> _Given data_:

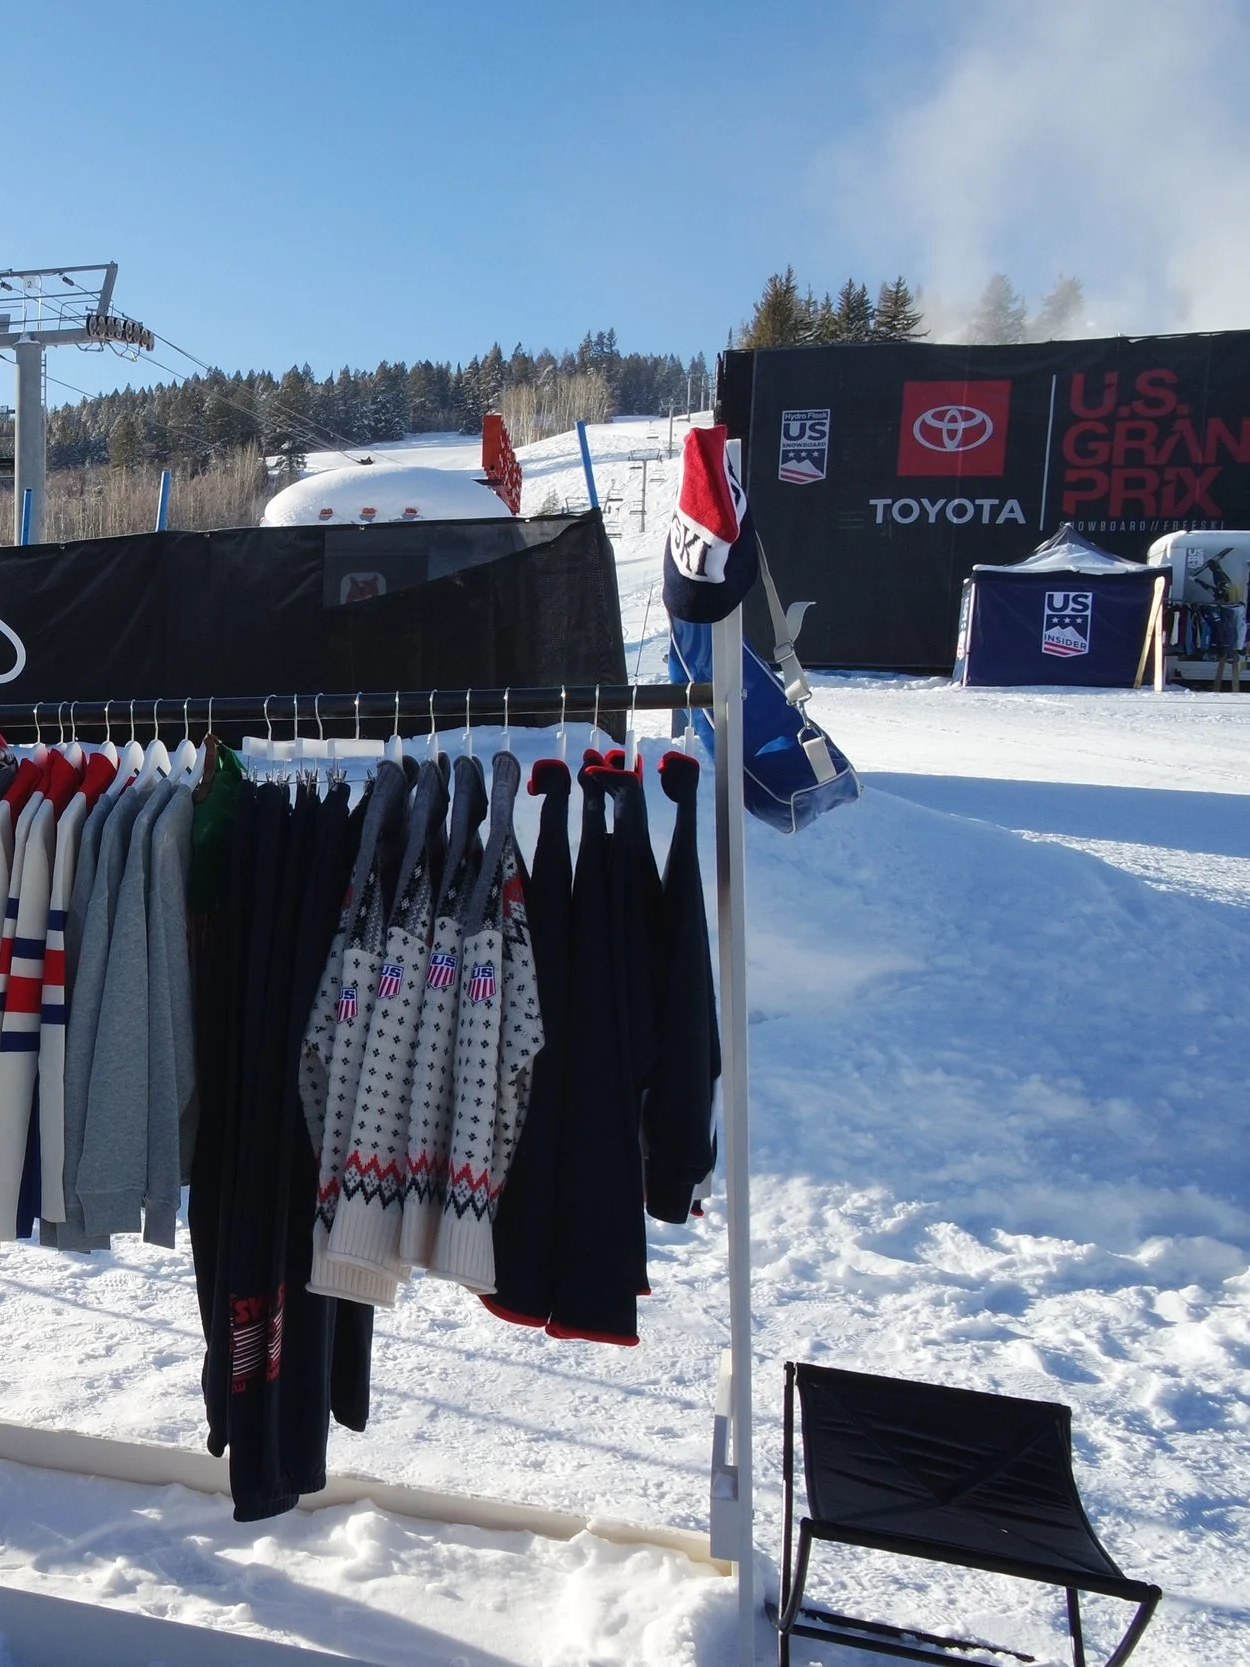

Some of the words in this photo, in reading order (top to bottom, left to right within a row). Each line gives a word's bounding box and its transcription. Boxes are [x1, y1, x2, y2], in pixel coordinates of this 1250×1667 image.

[1070, 368, 1190, 419] U.S.
[784, 413, 807, 421] Hydro
[807, 411, 827, 420] Flask
[783, 421, 827, 441] US
[1062, 466, 1224, 518] PRIX
[869, 498, 1027, 524] TOYOTA
[1046, 593, 1090, 613] US
[1044, 634, 1087, 651] INSIDER
[431, 955, 456, 968] US
[471, 967, 493, 979] US

> _What to do_: From first line to last, return the records verbatim without their pictures.

> _Written answer_:
Some of the words in this photo, in reading order (top to bottom, left to right within a row). Each line gives a word's bounding box and its transcription. Boxes are [x1, y1, x2, y2], in pixel coordinates of this 1250×1667 image.

[1070, 368, 1190, 419] U.S.
[784, 413, 807, 421] Hydro
[807, 411, 827, 420] Flask
[783, 421, 827, 441] US
[1062, 466, 1224, 518] PRIX
[869, 498, 1027, 524] TOYOTA
[1046, 593, 1090, 613] US
[1044, 634, 1087, 651] INSIDER
[431, 955, 456, 968] US
[471, 967, 493, 979] US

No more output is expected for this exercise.